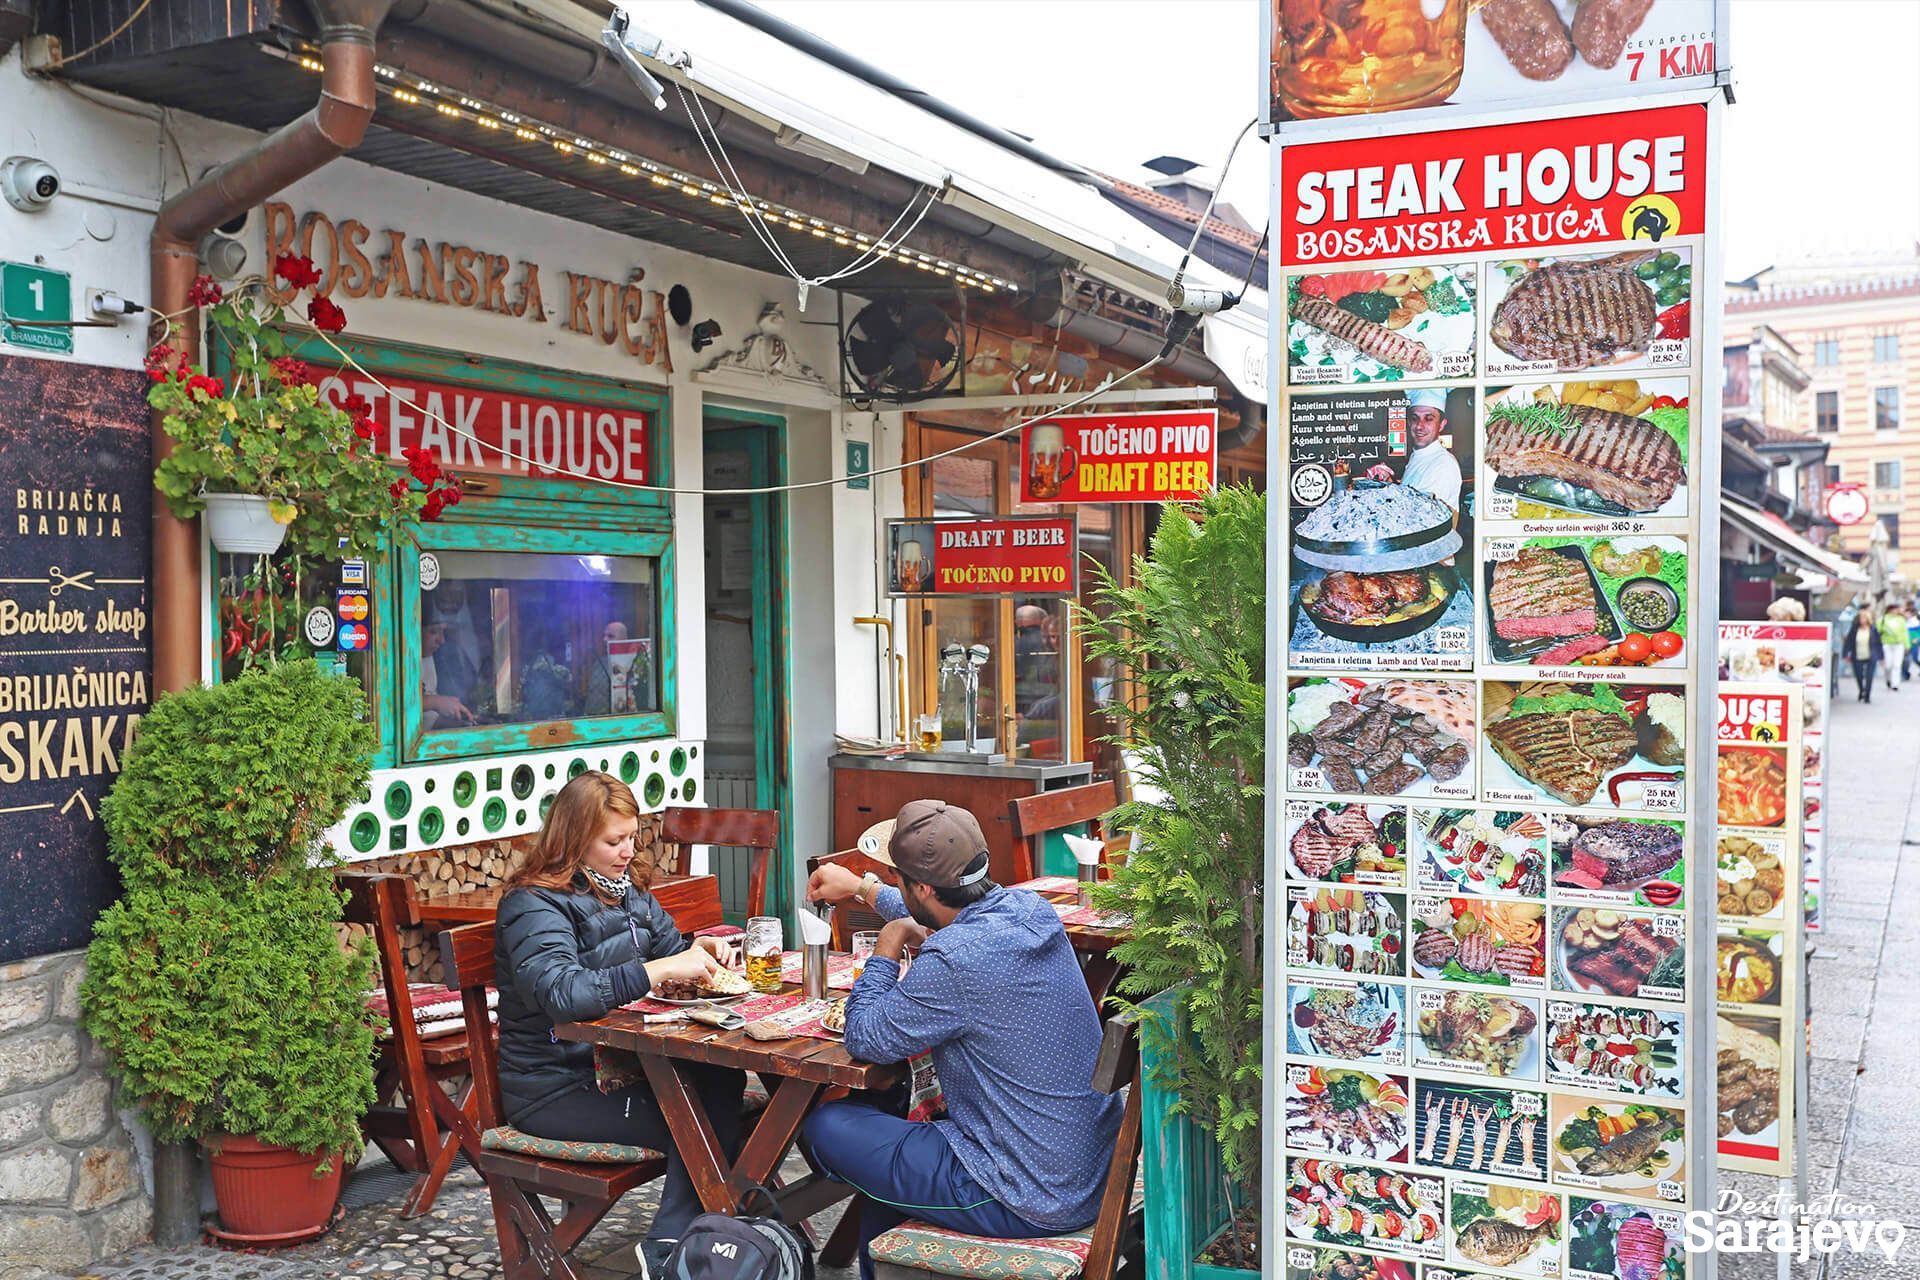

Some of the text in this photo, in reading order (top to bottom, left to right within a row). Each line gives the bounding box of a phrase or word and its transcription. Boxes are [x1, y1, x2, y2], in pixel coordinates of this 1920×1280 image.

[1626, 42, 1713, 81] 7 KM
[1295, 135, 1686, 225] STEAK HOUSE
[1296, 203, 1610, 260] BOSANSKA KUĆA
[263, 201, 547, 323] BOSANSKA
[28, 279, 44, 312] 1
[1665, 343, 1682, 352] KM
[1455, 355, 1470, 363] KM
[1488, 365, 1502, 373] Big
[1291, 401, 1328, 411] Janjetina
[1336, 400, 1365, 409] teletina
[1367, 398, 1390, 409] ispod
[1292, 411, 1374, 422] Lamb and veal roast
[1325, 424, 1346, 432] dana
[1348, 424, 1359, 432] eti
[501, 399, 643, 481] HOUSE
[1078, 423, 1210, 456] TOČENO PIVO
[1291, 437, 1324, 447] Agnello
[1331, 436, 1356, 444] vitello
[1358, 435, 1387, 443] arrosto
[854, 449, 862, 469] 3
[1290, 448, 1316, 463] عجل
[1359, 446, 1378, 463] لحم
[1079, 460, 1209, 493] DRAFT BEER
[16, 487, 122, 513] BRIJAČKA
[18, 514, 122, 537] RADNJA
[1523, 524, 1554, 533] Cowboy
[1556, 523, 1580, 532] sirloin
[1582, 523, 1609, 533] weight
[1632, 523, 1646, 533] gr.
[941, 527, 1065, 548] DRAFT BEER
[1502, 542, 1515, 550] KM
[345, 570, 360, 578] VISA
[941, 563, 1066, 584] TOČENO PIVO
[0, 599, 146, 640] Barber shop
[341, 633, 367, 641] Maestro
[1452, 631, 1466, 639] KM
[1299, 655, 1336, 665] Janjetina
[1343, 656, 1372, 665] teletina
[1377, 656, 1400, 665] Lamb
[1402, 657, 1417, 665] and
[1421, 657, 1438, 666] Veal
[1441, 658, 1461, 666] meat
[1538, 670, 1626, 680] Beef fillet Pepper steak
[0, 666, 147, 713] BRIJAČNICA
[1305, 771, 1319, 779] KM
[1492, 792, 1512, 800] Bone
[1660, 789, 1676, 798] KM
[1427, 899, 1439, 907] KM
[1665, 919, 1678, 927] KM
[1429, 993, 1441, 1001] KM
[1439, 1060, 1462, 1068] Chicken
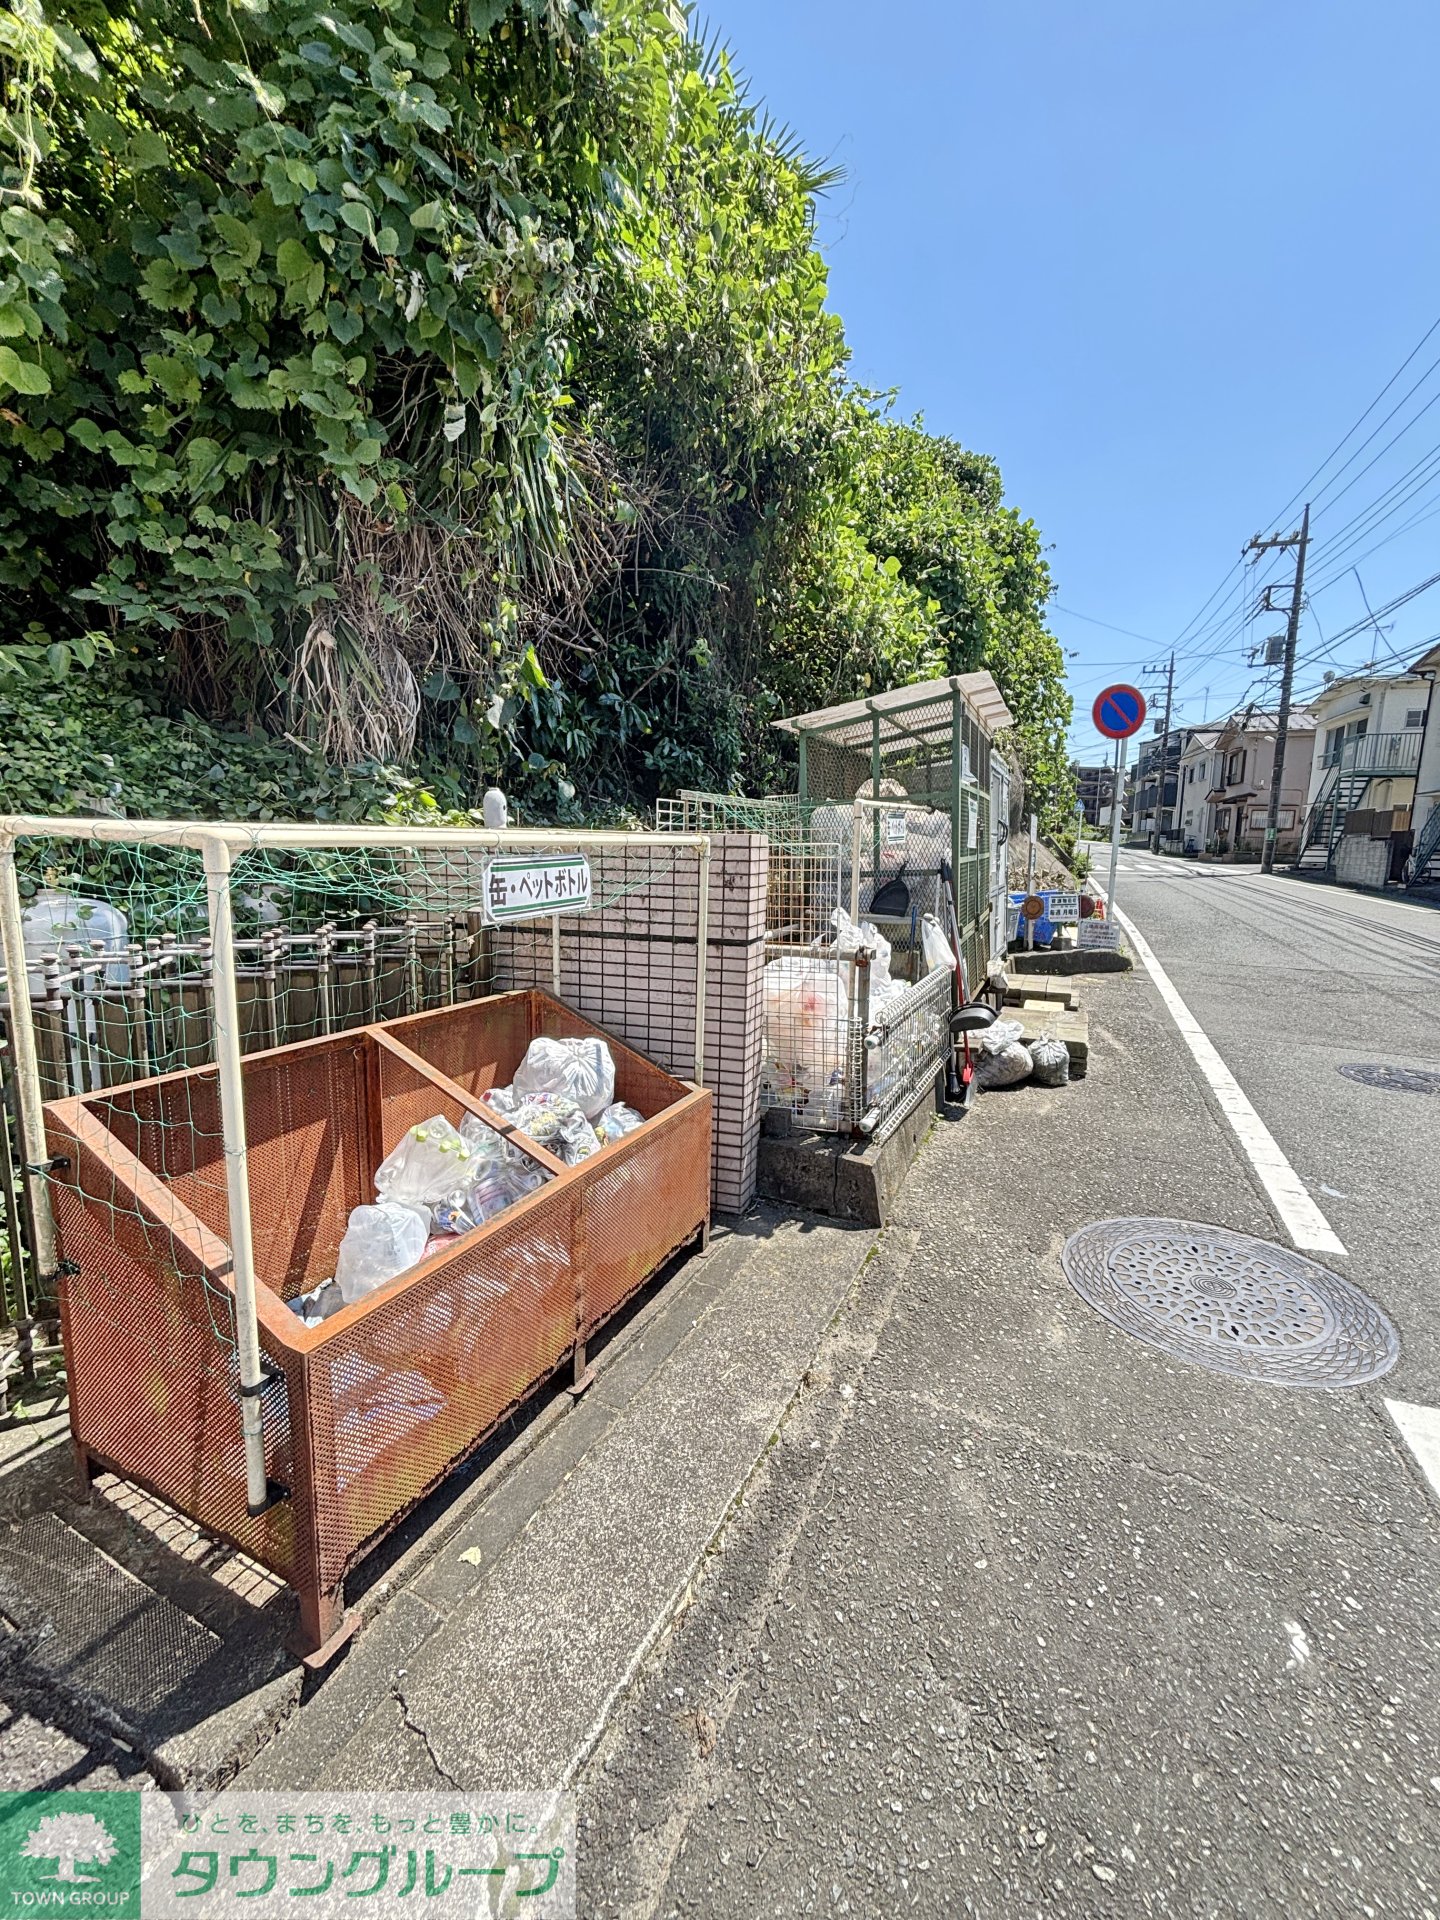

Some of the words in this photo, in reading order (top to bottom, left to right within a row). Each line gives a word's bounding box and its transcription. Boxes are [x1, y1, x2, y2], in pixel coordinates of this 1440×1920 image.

[489, 868, 588, 907] 缶・ペットボトル

........

What you copy should begin at the line with "Some of the words" and end at the final line of the listing, each line exactly as it is.

Some of the words in this photo, in reading order (top to bottom, left to right within a row). Each line gives a word's bounding box and its transcription. Boxes are [x1, y1, x2, y2], in pixel coordinates of this 1440×1920 image.

[489, 868, 588, 907] 缶・ペットボトル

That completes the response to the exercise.